• Exercise details: Write out the data exactly as given, dropping every picture.

==== Records supplied ====

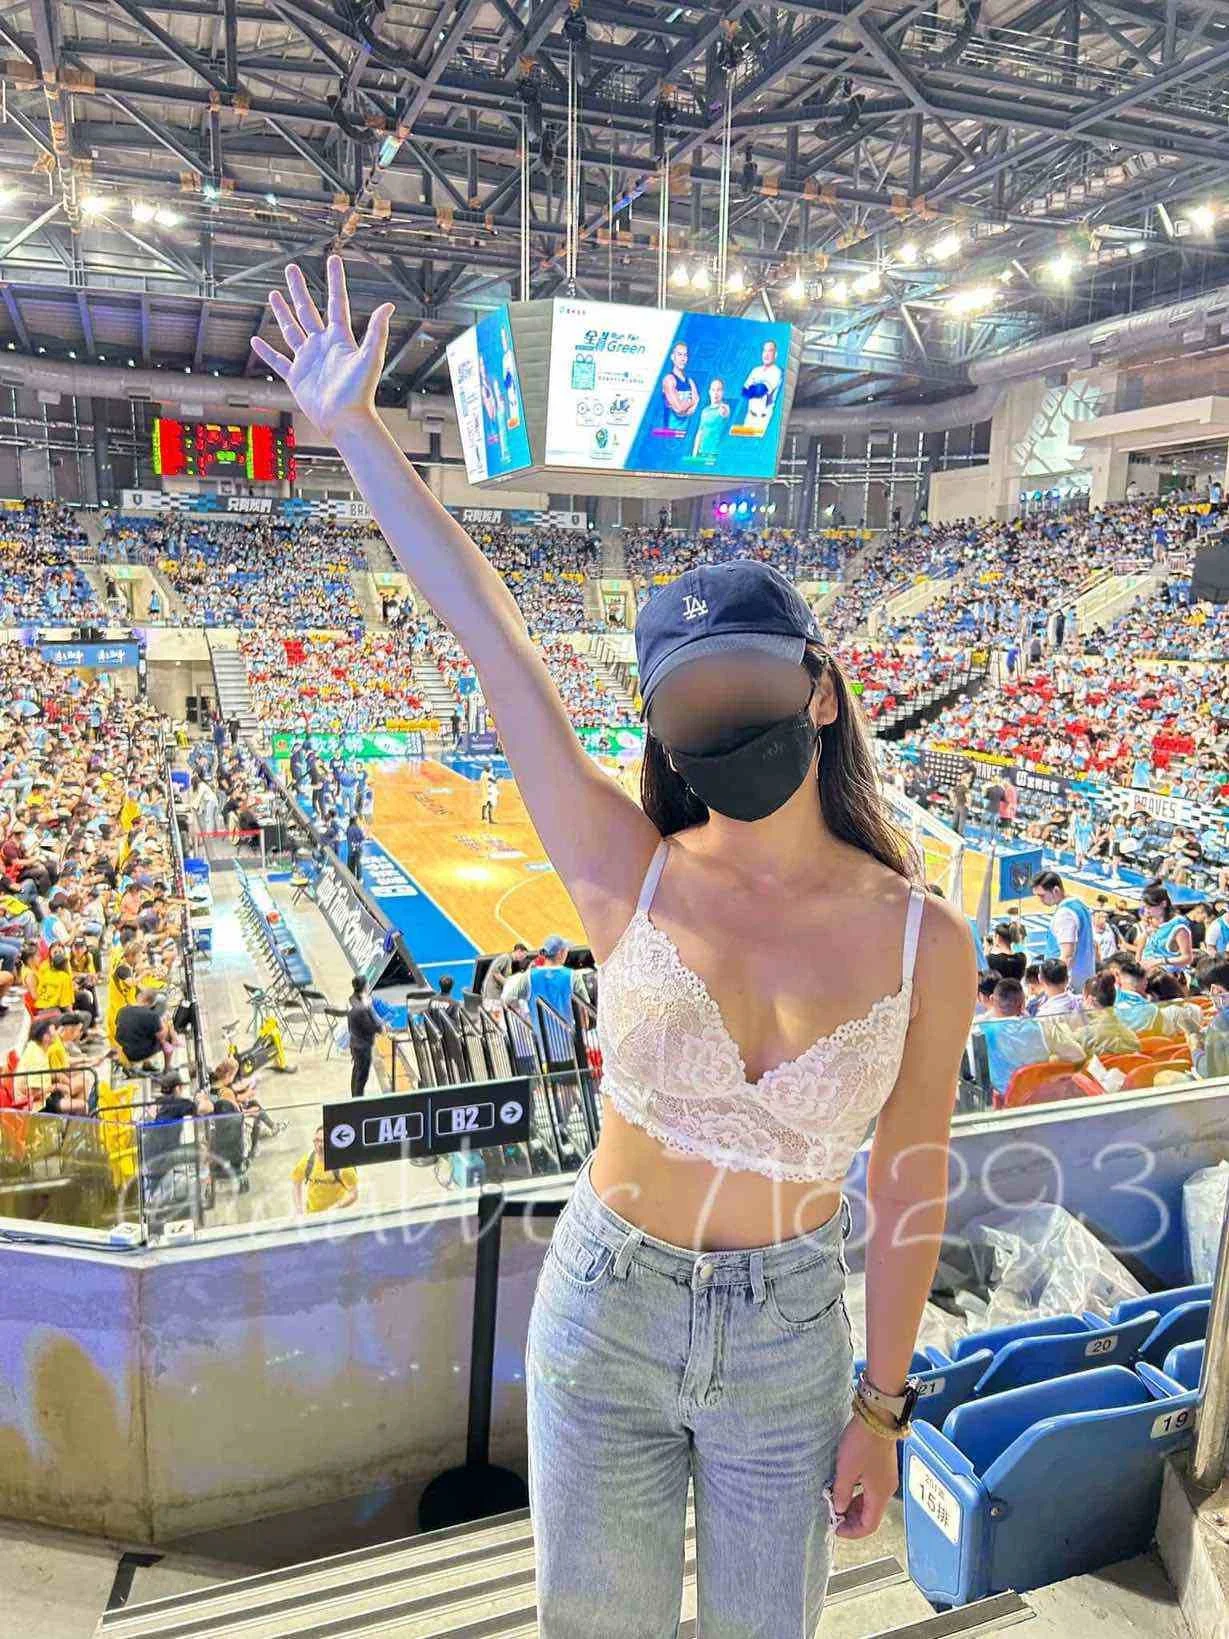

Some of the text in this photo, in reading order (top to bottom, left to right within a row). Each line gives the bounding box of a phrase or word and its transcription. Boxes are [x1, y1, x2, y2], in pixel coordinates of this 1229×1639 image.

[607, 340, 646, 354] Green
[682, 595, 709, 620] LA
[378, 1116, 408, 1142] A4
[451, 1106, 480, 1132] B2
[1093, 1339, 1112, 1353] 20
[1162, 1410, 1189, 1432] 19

====

• Written reply:
Some of the text in this photo, in reading order (top to bottom, left to right within a row). Each line gives the bounding box of a phrase or word and its transcription. Boxes are [x1, y1, x2, y2], in pixel coordinates of this 1229×1639 image.

[607, 340, 646, 354] Green
[682, 595, 709, 620] LA
[378, 1116, 408, 1142] A4
[451, 1106, 480, 1132] B2
[1093, 1339, 1112, 1353] 20
[1162, 1410, 1189, 1432] 19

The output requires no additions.